Пожалуй, ближе всех прочих к нулю был африканец Энциан — протеже майора Вайссмана. В Versuchsanstalt за глаза его звали «Чудовищем Вайссмана» — вероятно, не столько из расизма, сколько из-за зрелища, кое оба они являли вместе: Энциан на фут возвышается над Вайссманом — лысоватым, педантичным, тот поглядывает снизу вверх на африканца сквозь линзы очков толщиной с бутылочное донышко, то и дело пускается вприпрыжку, чтобы не отстать, когда они шествуют по асфальту и сквозь лаборатории и кабинеты, а Энциан господствует в любом помещении и пейзаже тех первых Ракетных дней… Самое четкое воспоминание о нем у Пёклера — и самое первое: в испытательном цеху в Куммерсдорфе, среди электрических красок — зеленые бутыли азота, густой клубок красных, желтых и синих труб, у Энциана лицо медное и на нем — та же безмятежность, что время от времени осеняет и Монтаугена, — Энциан в зеркале рассматривал отражение ракетного двигателя за предохранительной перегородкой: и в затхлом цехе, что рвался от тревог последних минут перед пуском, никотинового голодания, неразумных молитв, Энциан пребывал в мире…
Пёклер перебрался в Пенемюнде в 1937-м вместе с девятью десятками прочих. Они вторгались в саму Гравитацию, и следовало подготовить плацдарм для высадки. Никогда в жизни, даже корячась в Берлине, Пёклер так много не работал. Всю весну и лето авангард обустраивал на Грайфсвальдер-Ои испытательную станцию: перемащивали дорогу, тянули кабельные линии и телефонные провода, возводили жилые помещения, складские ангары и уборные, копали бункеры, мешали бетон, бесконечно разгружали ящики инструментов, мешки цемента, бочки топлива. Для грузоперевозок с материка на островок использовали древний паром. Пёклер помнит вытертый красный плюш и облезлый лак в тусклых каютах, запущенную полировку, астматический вопль парового гудка, вонь пота, сигаретного дыма и дизтоплива, дрожь в мышцах рук и ног, усталые шуточки, к концу каждого дня — полное измождение, и его собственные свежие мозоли закатным солнцем чеканятся в золото…

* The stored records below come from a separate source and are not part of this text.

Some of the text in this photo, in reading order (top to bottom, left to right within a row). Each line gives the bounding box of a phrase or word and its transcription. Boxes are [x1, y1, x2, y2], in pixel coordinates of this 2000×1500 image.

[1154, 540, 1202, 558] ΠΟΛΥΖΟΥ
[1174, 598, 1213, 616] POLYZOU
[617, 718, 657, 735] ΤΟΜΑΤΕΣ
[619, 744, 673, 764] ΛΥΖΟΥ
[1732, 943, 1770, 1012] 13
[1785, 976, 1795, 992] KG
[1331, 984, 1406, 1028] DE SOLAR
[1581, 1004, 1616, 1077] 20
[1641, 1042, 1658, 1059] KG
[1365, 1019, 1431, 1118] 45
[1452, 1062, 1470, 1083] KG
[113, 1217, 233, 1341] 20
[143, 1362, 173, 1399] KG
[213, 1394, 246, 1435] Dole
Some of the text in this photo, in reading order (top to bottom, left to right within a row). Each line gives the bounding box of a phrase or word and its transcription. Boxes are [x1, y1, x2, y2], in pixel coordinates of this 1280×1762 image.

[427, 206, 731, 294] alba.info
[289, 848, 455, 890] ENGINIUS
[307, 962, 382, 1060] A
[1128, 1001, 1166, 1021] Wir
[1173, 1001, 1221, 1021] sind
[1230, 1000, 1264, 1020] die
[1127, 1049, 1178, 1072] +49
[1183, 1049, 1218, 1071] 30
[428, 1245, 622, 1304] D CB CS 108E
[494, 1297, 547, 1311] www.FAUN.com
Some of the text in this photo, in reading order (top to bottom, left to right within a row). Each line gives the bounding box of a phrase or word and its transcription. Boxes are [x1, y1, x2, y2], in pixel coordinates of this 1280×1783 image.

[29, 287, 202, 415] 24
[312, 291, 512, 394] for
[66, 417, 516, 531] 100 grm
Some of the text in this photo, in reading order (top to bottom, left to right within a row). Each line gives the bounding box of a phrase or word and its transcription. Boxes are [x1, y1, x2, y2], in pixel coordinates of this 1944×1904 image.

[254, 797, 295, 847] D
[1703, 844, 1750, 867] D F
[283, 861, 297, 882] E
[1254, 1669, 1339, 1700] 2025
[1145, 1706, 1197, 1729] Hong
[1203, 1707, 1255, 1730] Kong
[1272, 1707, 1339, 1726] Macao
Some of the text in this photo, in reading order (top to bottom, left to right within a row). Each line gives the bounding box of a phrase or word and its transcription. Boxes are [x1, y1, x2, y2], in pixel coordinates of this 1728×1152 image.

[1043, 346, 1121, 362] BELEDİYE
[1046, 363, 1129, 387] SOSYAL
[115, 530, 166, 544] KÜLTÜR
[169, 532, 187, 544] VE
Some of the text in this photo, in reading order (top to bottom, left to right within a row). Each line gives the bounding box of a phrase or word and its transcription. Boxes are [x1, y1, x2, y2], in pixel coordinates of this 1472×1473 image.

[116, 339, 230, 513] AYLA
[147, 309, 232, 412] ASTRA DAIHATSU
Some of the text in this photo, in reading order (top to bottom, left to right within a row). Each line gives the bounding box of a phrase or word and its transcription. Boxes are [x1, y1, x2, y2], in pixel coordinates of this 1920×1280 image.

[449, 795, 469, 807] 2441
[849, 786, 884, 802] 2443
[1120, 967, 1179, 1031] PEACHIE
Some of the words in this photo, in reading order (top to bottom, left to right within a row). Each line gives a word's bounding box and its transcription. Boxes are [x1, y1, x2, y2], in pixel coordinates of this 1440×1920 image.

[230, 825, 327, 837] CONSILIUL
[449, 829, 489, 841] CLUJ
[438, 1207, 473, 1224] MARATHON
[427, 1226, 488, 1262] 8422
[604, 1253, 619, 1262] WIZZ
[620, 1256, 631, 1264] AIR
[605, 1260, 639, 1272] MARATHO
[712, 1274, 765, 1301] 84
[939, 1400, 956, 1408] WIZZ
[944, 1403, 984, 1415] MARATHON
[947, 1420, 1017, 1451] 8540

В то лето море по большей части было спокойно и сине, а вот осенью погода переменилась. С севера надуло дождей, температура резко упала, ветер врывался в складские палатки, ночи напролет громыхали гигантские волны. На пятьдесят метров от берега вода — вся белая. Брызги от кудрей огромных бурунов перьями обмахивали сушу. Пёклер, расквартированный на постой в рыбацкую хижину, возвращался с вечерних прогулок в тонкой маске соли. Жена Лота. На какое бедствие посмел он оглянуться? Известно какое.
Время года это он обратил назад к детству, к раненой собаке. В тех одиноких мокрых прогулках он тягостно размышлял о Лени: стряпал сценарии, по которым они встретятся вновь в неких элегантных или же драматических декорациях — в министерстве, театральном фойе, — на нем повисли две-три прекрасные женщины в драгоценностях, генералы и промышленники подскакивают с огоньком к его американским сигаретам, внемлют его экспромтам — решениям проблем, которые Лени способна понять весьма приблизительно. Самая приятная из таких фантазий являлась, когда Пёклер сидел в туалете: он притопывал ногами, с уст его срывался шепот фанфар, и он радостно предвкушал…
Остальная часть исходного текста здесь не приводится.